The goal of this transformation is to disrupt static analysis tools that make use of inter-procedural alias analysis. The current implementation is simplistic: we simply replace all direct function calls with indirect ones.

A call to x = foo(n) turns into

void *arr[]  = {..., & foo, ... };

int main () {
   int x = ((int (*)(int n ))arr[expr=42])(n);
where arr is a global array containing function addresses, and expr=42 is an opaque expression computing the index of foo's address in arr.

To make analysis a bit harder, we can also insert bogus elements in arr, and insert updates to these bogus elements. Here, both arr[6] and arr[7] are bogus:

int main () {
   int x;
   arr[expr=6] = arr[expr=42];
   arr[expr=7] = &x;


--Transform AntiAliasAnalysis Transform the code by replacing direct function calls with indirect ones, making alias analysis become less precise.
--AntiAliasAnalysisObfuscateIndex BOOLSPEC Use opaque expressions to compute function addresses. Default=true.
--AntiAliasAnalysisBogusEntries BOOLSPEC Add bogus function addresses, and bogus updates to them. Default=true.

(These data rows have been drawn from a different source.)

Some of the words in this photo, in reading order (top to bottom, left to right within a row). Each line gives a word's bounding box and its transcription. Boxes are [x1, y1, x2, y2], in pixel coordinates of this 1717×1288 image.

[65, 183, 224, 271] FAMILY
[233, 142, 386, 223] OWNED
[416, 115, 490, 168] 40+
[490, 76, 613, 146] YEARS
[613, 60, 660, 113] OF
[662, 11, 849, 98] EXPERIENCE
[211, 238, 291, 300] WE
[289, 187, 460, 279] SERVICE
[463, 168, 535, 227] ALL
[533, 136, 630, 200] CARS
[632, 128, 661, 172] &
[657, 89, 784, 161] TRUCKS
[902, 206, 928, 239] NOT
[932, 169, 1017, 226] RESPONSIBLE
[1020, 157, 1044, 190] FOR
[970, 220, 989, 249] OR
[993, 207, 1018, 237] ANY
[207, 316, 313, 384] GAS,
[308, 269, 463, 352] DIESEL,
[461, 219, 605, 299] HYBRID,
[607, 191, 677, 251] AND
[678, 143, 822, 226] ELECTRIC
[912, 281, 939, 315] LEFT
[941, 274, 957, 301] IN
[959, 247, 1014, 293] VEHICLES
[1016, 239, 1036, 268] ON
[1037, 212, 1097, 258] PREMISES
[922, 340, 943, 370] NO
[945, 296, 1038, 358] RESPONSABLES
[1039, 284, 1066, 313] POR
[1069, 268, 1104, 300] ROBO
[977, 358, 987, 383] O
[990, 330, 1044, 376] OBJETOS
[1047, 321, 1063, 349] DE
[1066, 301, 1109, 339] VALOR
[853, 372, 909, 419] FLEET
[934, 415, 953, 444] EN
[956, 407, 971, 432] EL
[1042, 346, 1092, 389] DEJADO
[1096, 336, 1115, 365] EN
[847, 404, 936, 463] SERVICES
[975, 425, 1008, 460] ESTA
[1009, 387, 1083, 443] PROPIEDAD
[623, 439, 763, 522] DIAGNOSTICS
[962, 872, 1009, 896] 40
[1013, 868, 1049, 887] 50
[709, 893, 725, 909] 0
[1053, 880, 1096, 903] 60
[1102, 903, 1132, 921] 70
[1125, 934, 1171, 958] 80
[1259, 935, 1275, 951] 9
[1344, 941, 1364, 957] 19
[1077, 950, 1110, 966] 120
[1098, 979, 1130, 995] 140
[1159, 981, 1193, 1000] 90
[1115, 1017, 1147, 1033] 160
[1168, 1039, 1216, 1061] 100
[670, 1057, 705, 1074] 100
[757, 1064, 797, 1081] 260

It is best to perform this transformation at the end of the transformation sequence, when all functions (including new ones generated by the virtualize, split, and merge transformations) are known. The reason is that, by definition, this transformation makes alias analysis difficult, which trips up subsequent transformations. This is particularly true for the EncodeData transformation which relies on alias analysis. The --AntiAliasAnalysisBogusEntries=true option seems to be particularly troublesome.